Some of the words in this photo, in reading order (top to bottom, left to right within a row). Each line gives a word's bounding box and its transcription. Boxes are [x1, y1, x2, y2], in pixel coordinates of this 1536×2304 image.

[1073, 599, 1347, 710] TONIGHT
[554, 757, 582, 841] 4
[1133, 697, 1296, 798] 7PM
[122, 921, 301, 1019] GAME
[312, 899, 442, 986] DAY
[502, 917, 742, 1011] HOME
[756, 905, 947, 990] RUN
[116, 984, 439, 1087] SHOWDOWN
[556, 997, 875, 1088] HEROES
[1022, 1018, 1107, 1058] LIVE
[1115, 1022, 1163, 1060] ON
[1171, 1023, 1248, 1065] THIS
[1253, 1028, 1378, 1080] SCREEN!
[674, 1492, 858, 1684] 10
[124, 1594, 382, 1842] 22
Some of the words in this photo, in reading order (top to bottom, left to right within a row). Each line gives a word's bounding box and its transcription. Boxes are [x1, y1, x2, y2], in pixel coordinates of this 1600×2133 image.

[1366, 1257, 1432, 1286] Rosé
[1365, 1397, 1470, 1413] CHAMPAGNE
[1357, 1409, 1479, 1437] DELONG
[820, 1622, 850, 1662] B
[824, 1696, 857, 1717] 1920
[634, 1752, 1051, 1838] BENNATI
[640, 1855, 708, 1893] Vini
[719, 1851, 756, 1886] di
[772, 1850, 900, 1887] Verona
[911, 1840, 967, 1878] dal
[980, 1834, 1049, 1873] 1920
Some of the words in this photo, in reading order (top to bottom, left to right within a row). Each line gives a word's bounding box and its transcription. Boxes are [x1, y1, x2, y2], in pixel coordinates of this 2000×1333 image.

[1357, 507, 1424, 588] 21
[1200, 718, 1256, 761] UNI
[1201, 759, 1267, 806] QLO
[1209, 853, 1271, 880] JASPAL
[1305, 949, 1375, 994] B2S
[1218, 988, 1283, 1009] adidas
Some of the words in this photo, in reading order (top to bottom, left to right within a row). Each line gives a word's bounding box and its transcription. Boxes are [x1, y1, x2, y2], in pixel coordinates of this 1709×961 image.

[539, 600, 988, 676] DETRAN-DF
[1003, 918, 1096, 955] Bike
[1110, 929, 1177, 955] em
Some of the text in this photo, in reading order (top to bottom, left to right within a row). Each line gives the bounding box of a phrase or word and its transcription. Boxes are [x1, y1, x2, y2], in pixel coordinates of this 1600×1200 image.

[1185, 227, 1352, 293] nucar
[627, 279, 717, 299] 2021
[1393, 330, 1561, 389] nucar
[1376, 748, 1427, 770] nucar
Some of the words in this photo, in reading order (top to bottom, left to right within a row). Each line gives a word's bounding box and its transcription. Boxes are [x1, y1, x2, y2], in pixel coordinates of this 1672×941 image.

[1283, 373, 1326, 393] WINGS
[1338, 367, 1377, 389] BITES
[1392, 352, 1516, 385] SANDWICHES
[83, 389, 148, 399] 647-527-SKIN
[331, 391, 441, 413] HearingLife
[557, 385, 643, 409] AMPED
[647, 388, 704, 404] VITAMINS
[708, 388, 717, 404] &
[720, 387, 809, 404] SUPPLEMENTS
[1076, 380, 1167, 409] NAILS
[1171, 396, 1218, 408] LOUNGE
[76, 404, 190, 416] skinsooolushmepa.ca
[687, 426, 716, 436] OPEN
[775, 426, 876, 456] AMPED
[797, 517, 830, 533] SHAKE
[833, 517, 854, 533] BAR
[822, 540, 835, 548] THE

..............................

◆ TASK BRIEF
After reading the entries, reproduce every one of them exactly.

◆ EXERCISE ANSWER
Some of the words in this photo, in reading order (top to bottom, left to right within a row). Each line gives a word's bounding box and its transcription. Boxes are [x1, y1, x2, y2], in pixel coordinates of this 1536×2304 image.

[1073, 599, 1347, 710] TONIGHT
[554, 757, 582, 841] 4
[1133, 697, 1296, 798] 7PM
[122, 921, 301, 1019] GAME
[312, 899, 442, 986] DAY
[502, 917, 742, 1011] HOME
[756, 905, 947, 990] RUN
[116, 984, 439, 1087] SHOWDOWN
[556, 997, 875, 1088] HEROES
[1022, 1018, 1107, 1058] LIVE
[1115, 1022, 1163, 1060] ON
[1171, 1023, 1248, 1065] THIS
[1253, 1028, 1378, 1080] SCREEN!
[674, 1492, 858, 1684] 10
[124, 1594, 382, 1842] 22
Some of the words in this photo, in reading order (top to bottom, left to right within a row). Each line gives a word's bounding box and its transcription. Boxes are [x1, y1, x2, y2], in pixel coordinates of this 1600×2133 image.

[1366, 1257, 1432, 1286] Rosé
[1365, 1397, 1470, 1413] CHAMPAGNE
[1357, 1409, 1479, 1437] DELONG
[820, 1622, 850, 1662] B
[824, 1696, 857, 1717] 1920
[634, 1752, 1051, 1838] BENNATI
[640, 1855, 708, 1893] Vini
[719, 1851, 756, 1886] di
[772, 1850, 900, 1887] Verona
[911, 1840, 967, 1878] dal
[980, 1834, 1049, 1873] 1920
Some of the words in this photo, in reading order (top to bottom, left to right within a row). Each line gives a word's bounding box and its transcription. Boxes are [x1, y1, x2, y2], in pixel coordinates of this 2000×1333 image.

[1357, 507, 1424, 588] 21
[1200, 718, 1256, 761] UNI
[1201, 759, 1267, 806] QLO
[1209, 853, 1271, 880] JASPAL
[1305, 949, 1375, 994] B2S
[1218, 988, 1283, 1009] adidas
Some of the words in this photo, in reading order (top to bottom, left to right within a row). Each line gives a word's bounding box and its transcription. Boxes are [x1, y1, x2, y2], in pixel coordinates of this 1709×961 image.

[539, 600, 988, 676] DETRAN-DF
[1003, 918, 1096, 955] Bike
[1110, 929, 1177, 955] em
Some of the text in this photo, in reading order (top to bottom, left to right within a row). Each line gives the bounding box of a phrase or word and its transcription. Boxes are [x1, y1, x2, y2], in pixel coordinates of this 1600×1200 image.

[1185, 227, 1352, 293] nucar
[627, 279, 717, 299] 2021
[1393, 330, 1561, 389] nucar
[1376, 748, 1427, 770] nucar
Some of the words in this photo, in reading order (top to bottom, left to right within a row). Each line gives a word's bounding box and its transcription. Boxes are [x1, y1, x2, y2], in pixel coordinates of this 1672×941 image.

[1283, 373, 1326, 393] WINGS
[1338, 367, 1377, 389] BITES
[1392, 352, 1516, 385] SANDWICHES
[83, 389, 148, 399] 647-527-SKIN
[331, 391, 441, 413] HearingLife
[557, 385, 643, 409] AMPED
[647, 388, 704, 404] VITAMINS
[708, 388, 717, 404] &
[720, 387, 809, 404] SUPPLEMENTS
[1076, 380, 1167, 409] NAILS
[1171, 396, 1218, 408] LOUNGE
[76, 404, 190, 416] skinsooolushmepa.ca
[687, 426, 716, 436] OPEN
[775, 426, 876, 456] AMPED
[797, 517, 830, 533] SHAKE
[833, 517, 854, 533] BAR
[822, 540, 835, 548] THE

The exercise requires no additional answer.